» **Action item**:
Leaving the images out, output each entry below exactly.

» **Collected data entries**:
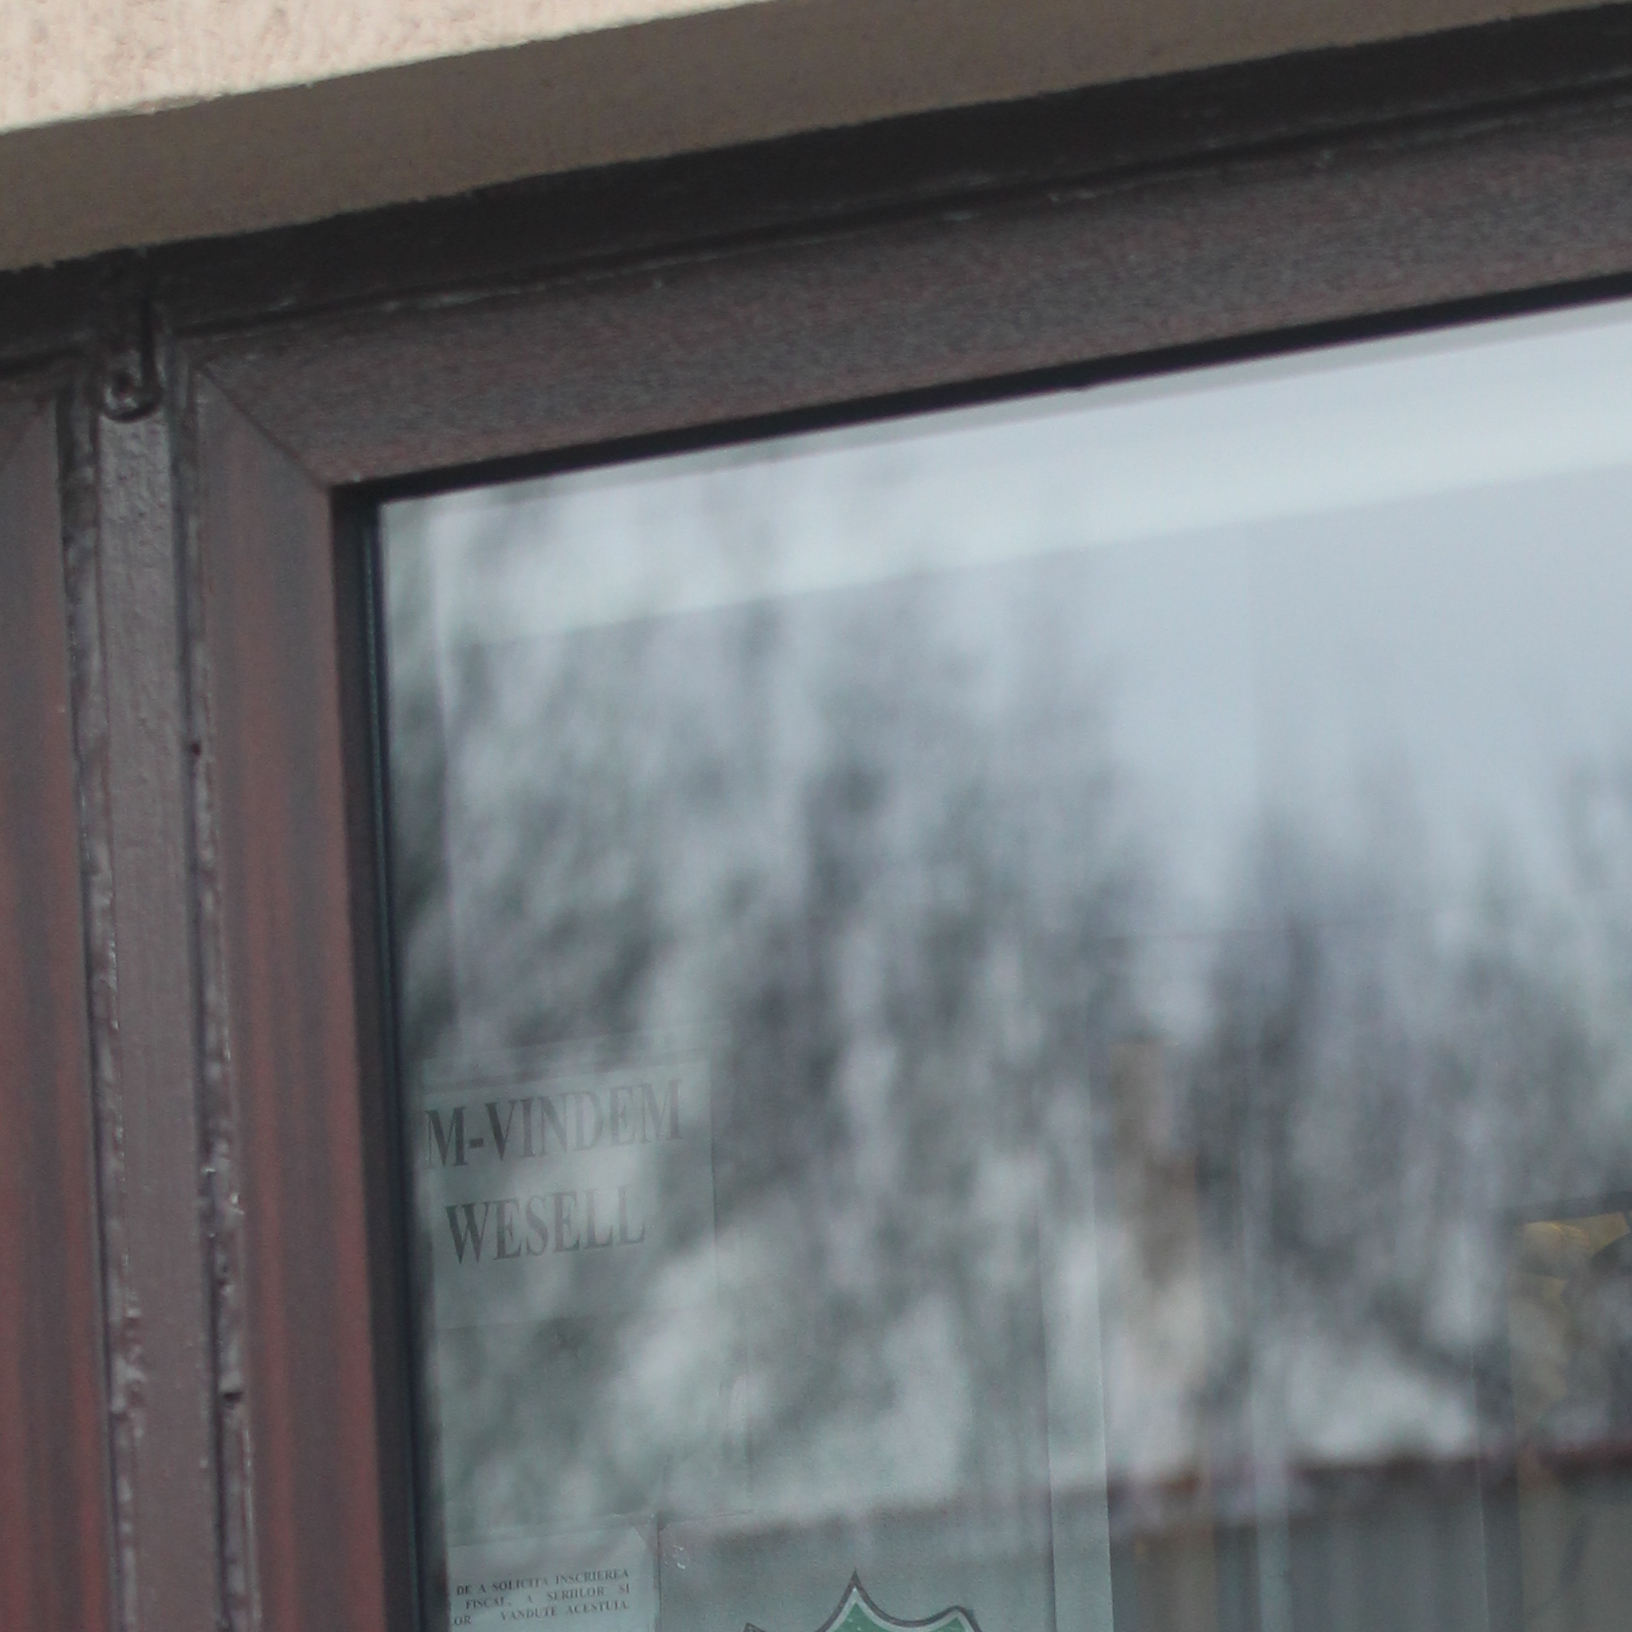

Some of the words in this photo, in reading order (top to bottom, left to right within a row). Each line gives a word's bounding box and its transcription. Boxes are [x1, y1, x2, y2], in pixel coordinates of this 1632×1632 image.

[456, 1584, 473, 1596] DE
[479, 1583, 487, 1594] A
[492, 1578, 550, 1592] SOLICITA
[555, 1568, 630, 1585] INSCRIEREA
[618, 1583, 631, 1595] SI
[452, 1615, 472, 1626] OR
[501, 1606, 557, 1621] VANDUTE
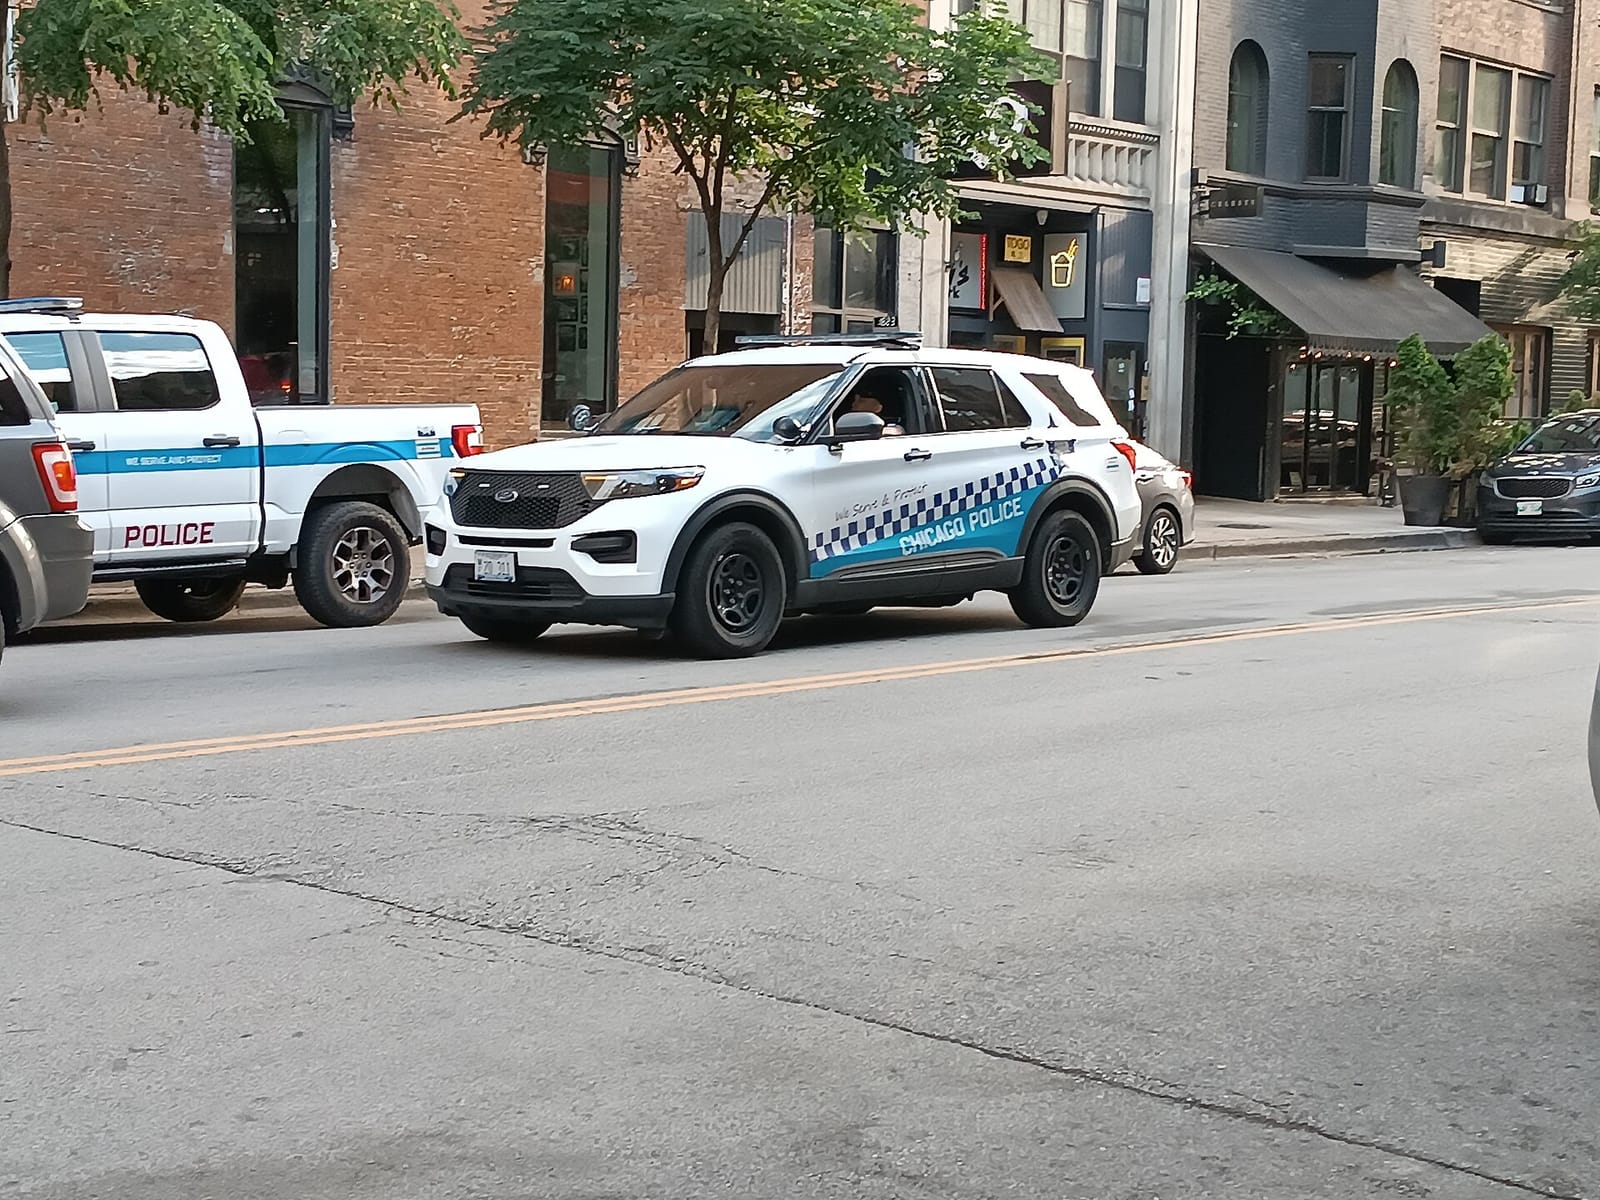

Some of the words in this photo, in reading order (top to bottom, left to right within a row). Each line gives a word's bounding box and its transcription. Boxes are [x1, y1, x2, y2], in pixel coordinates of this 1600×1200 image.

» **Answer to this problem**:
Some of the words in this photo, in reading order (top to bottom, left to right within a row). Each line gives a word's bounding box and its transcription. Boxes are [x1, y1, x2, y2], in pixel coordinates of this 1632×1632 image.

[456, 1584, 473, 1596] DE
[479, 1583, 487, 1594] A
[492, 1578, 550, 1592] SOLICITA
[555, 1568, 630, 1585] INSCRIEREA
[618, 1583, 631, 1595] SI
[452, 1615, 472, 1626] OR
[501, 1606, 557, 1621] VANDUTE

Some of the words in this photo, in reading order (top to bottom, left to right within a row). Each line gives a word's bounding box and its transcription. Boxes are [x1, y1, x2, y2], in pixel coordinates of this 1600×1200 image.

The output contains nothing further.